Work instructions
Repeat every entry word for word, skipping the pictures.

_ _ _

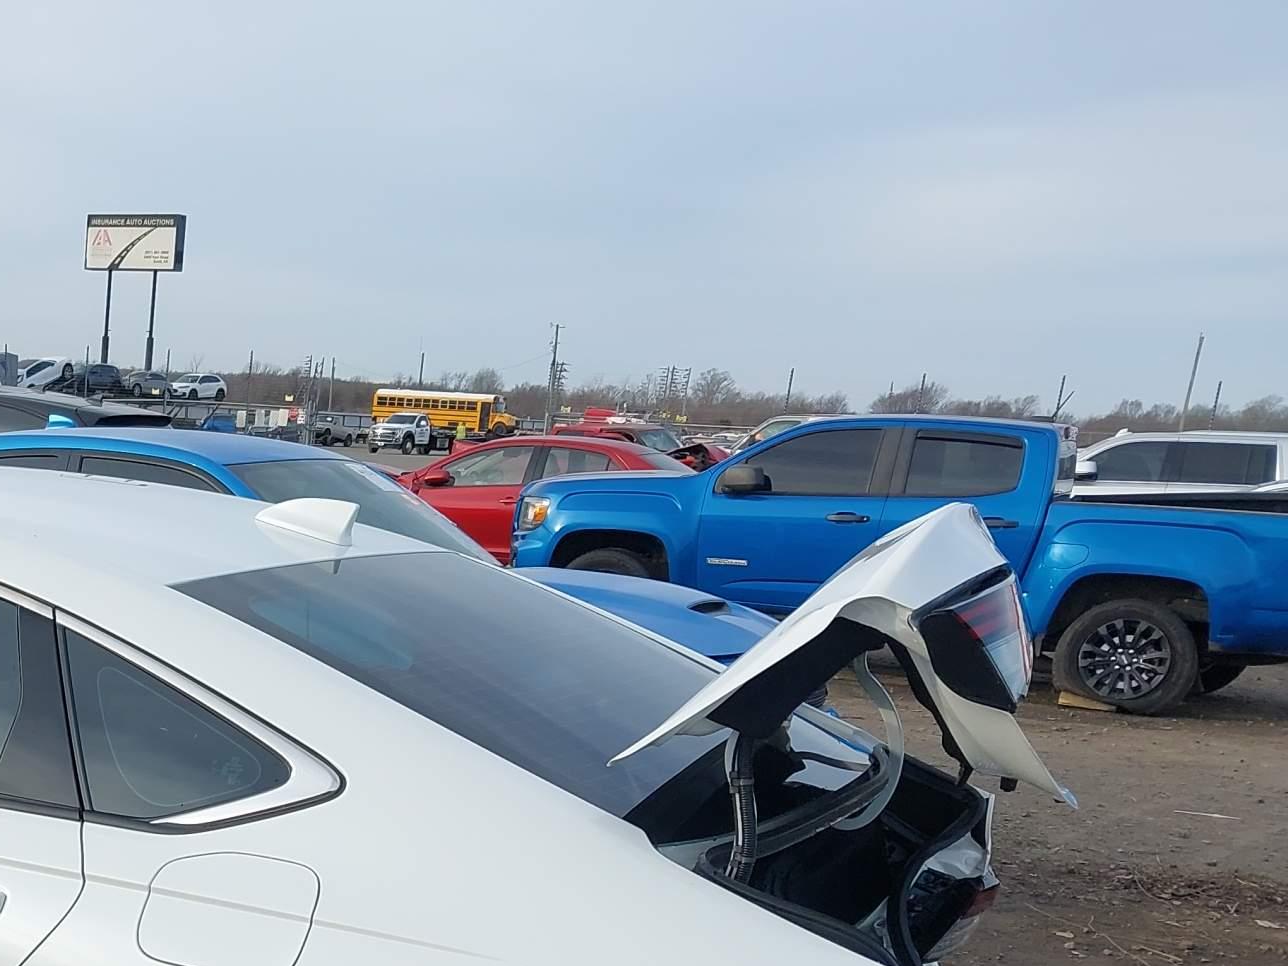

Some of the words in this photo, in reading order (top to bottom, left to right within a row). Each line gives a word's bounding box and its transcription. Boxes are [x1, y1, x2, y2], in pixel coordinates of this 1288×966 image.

[91, 218, 125, 226] INSURANCE
[126, 218, 143, 226] AUTO
[143, 218, 175, 226] AUCTIONS
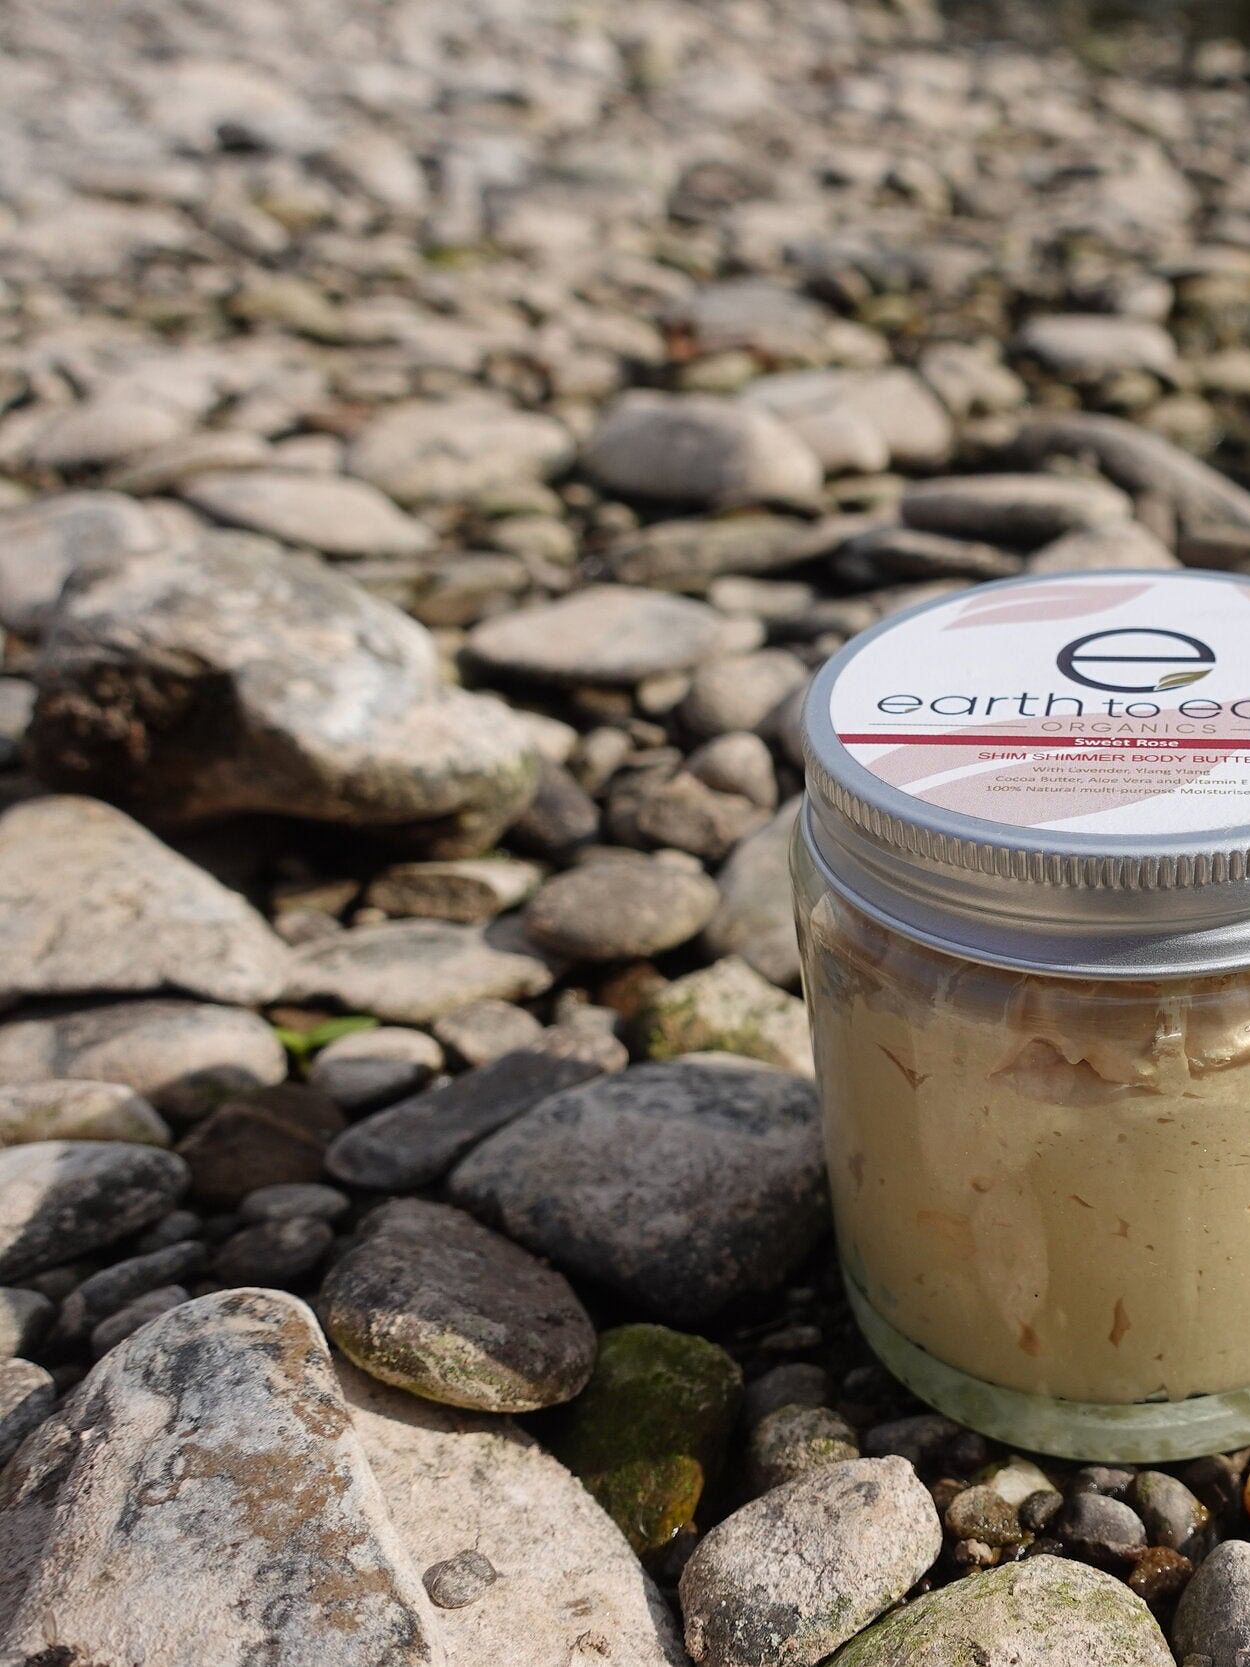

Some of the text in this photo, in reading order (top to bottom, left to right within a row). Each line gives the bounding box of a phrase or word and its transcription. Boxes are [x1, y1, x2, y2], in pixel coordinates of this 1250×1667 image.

_ _ _

Expected answer
Some of the words in this photo, in reading order (top to bottom, left to right within a row). Each line gives a word's bounding box and its transcription. Boxes are [x1, y1, x2, y2], in pixel coordinates of this 1288×966 image.

[91, 218, 125, 226] INSURANCE
[126, 218, 143, 226] AUTO
[143, 218, 175, 226] AUCTIONS

Some of the text in this photo, in reading order (top to bottom, left to right within a row). Each line gives the bounding box of a phrase or word and its transcription. Boxes are [x1, y1, x2, y2], in pixel coordinates of this 1250×1667 image.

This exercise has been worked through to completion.